- _Action item_: Would you set down the data that follows, word for word, without any pictures?

:: Data shown

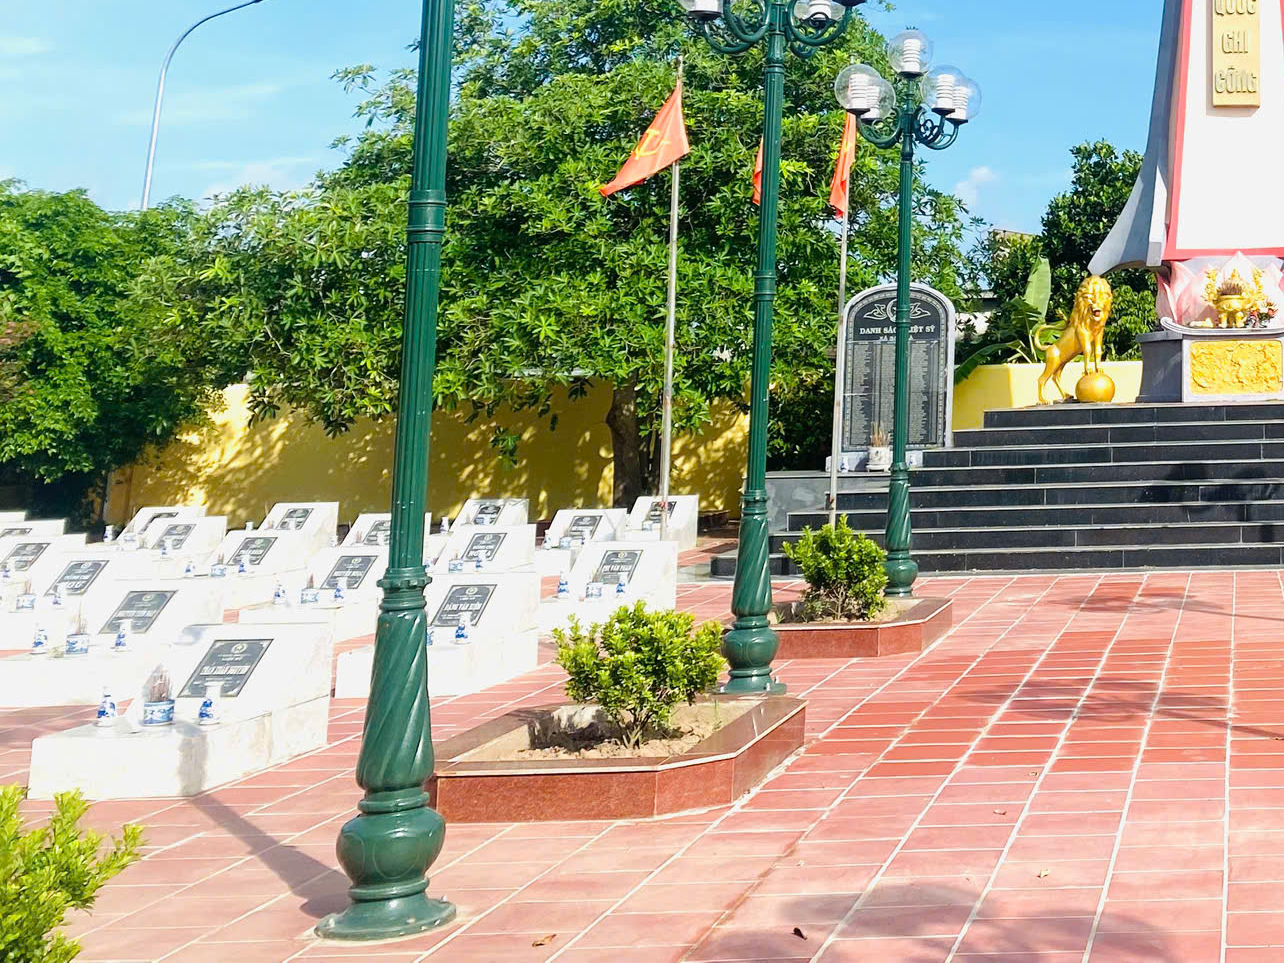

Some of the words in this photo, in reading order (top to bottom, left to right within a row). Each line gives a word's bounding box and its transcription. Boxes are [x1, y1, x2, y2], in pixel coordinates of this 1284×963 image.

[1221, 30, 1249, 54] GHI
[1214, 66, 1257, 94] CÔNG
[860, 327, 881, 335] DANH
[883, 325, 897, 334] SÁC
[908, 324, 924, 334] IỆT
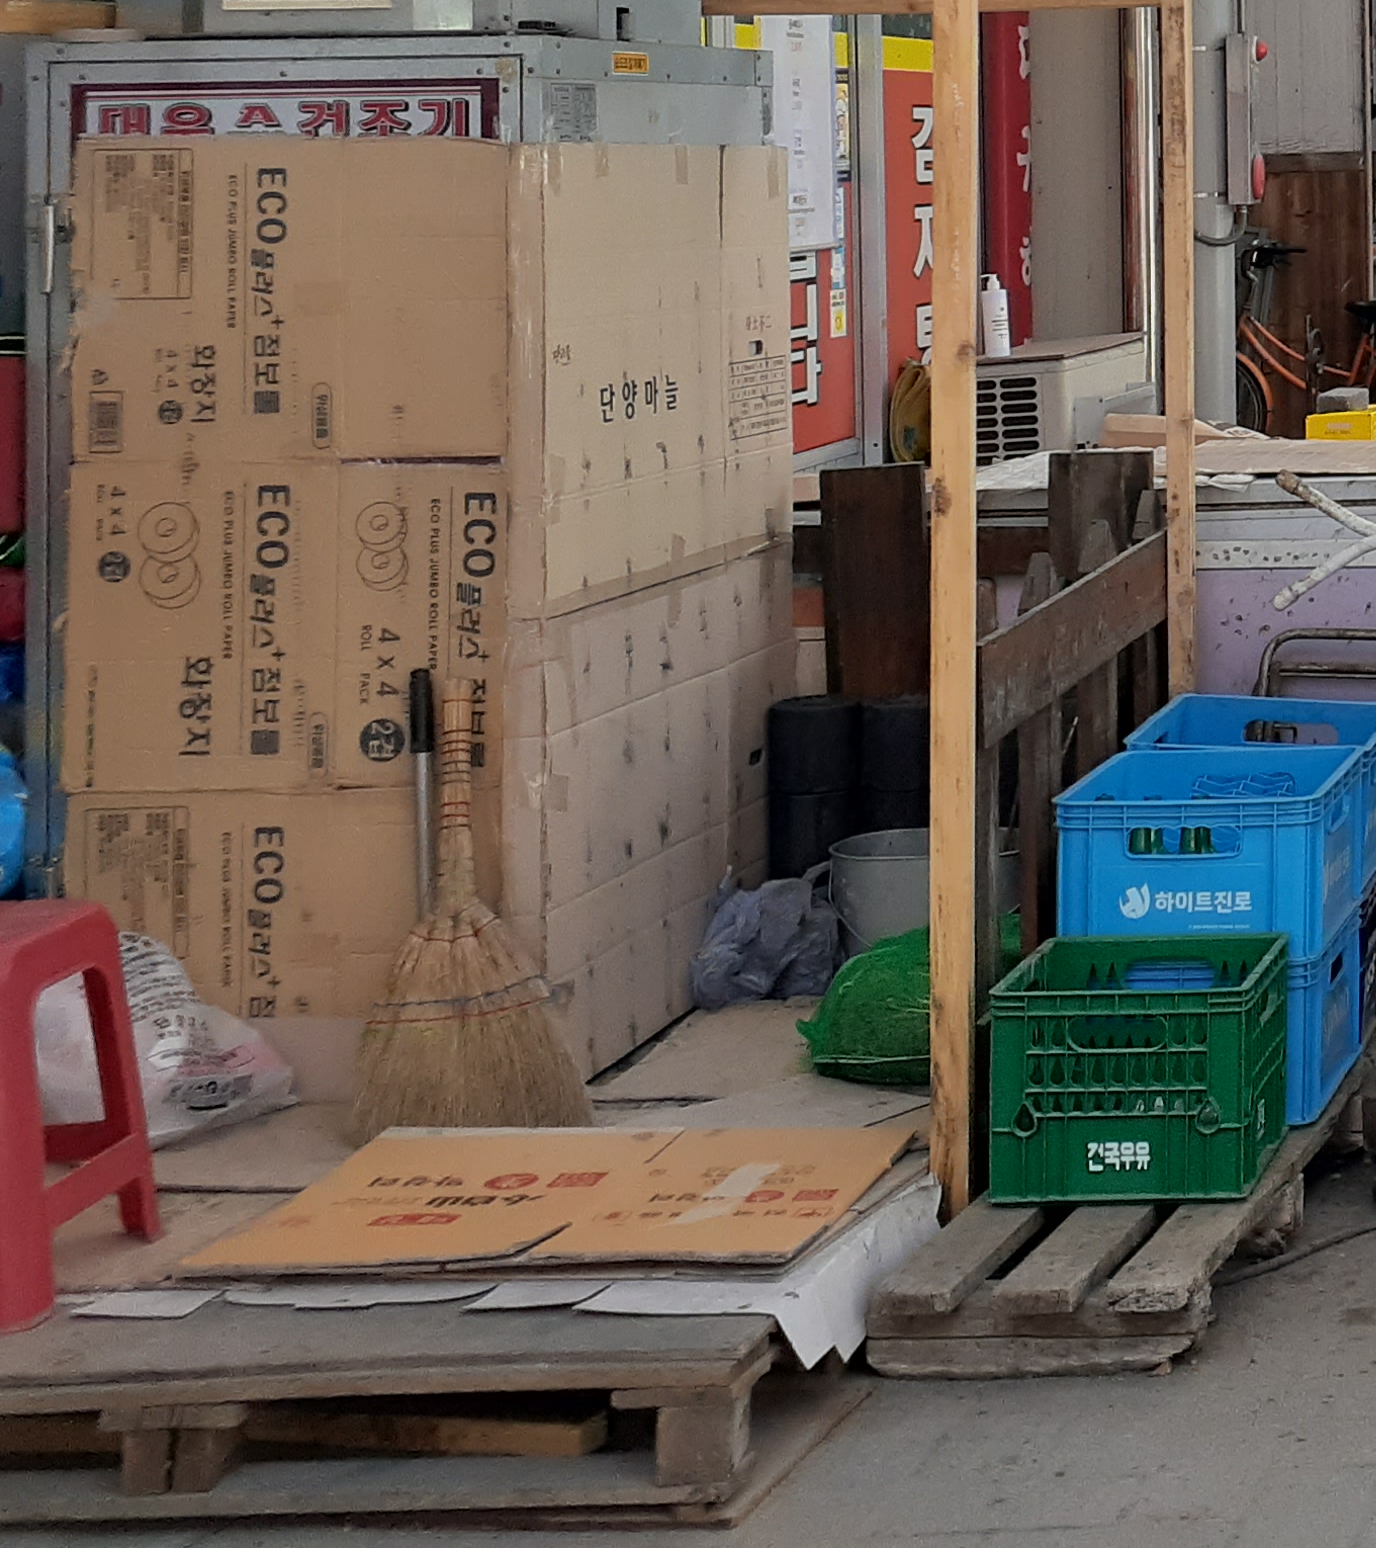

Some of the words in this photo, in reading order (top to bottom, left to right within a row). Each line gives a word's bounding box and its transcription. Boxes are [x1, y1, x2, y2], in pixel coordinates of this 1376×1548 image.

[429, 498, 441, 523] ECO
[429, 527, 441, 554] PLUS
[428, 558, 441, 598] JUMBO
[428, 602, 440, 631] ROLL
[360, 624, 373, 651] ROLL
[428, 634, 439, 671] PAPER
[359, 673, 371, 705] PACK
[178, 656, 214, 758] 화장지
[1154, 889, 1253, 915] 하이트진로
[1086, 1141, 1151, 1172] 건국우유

::::

- _Output for this task_:
Some of the words in this photo, in reading order (top to bottom, left to right within a row). Each line gives a word's bounding box and its transcription. Boxes are [x1, y1, x2, y2], in pixel coordinates of this 1284×963 image.

[1221, 30, 1249, 54] GHI
[1214, 66, 1257, 94] CÔNG
[860, 327, 881, 335] DANH
[883, 325, 897, 334] SÁC
[908, 324, 924, 334] IỆT

Some of the words in this photo, in reading order (top to bottom, left to right within a row). Each line gives a word's bounding box and its transcription. Boxes are [x1, y1, x2, y2], in pixel coordinates of this 1376×1548 image.

[429, 498, 441, 523] ECO
[429, 527, 441, 554] PLUS
[428, 558, 441, 598] JUMBO
[428, 602, 440, 631] ROLL
[360, 624, 373, 651] ROLL
[428, 634, 439, 671] PAPER
[359, 673, 371, 705] PACK
[178, 656, 214, 758] 화장지
[1154, 889, 1253, 915] 하이트진로
[1086, 1141, 1151, 1172] 건국우유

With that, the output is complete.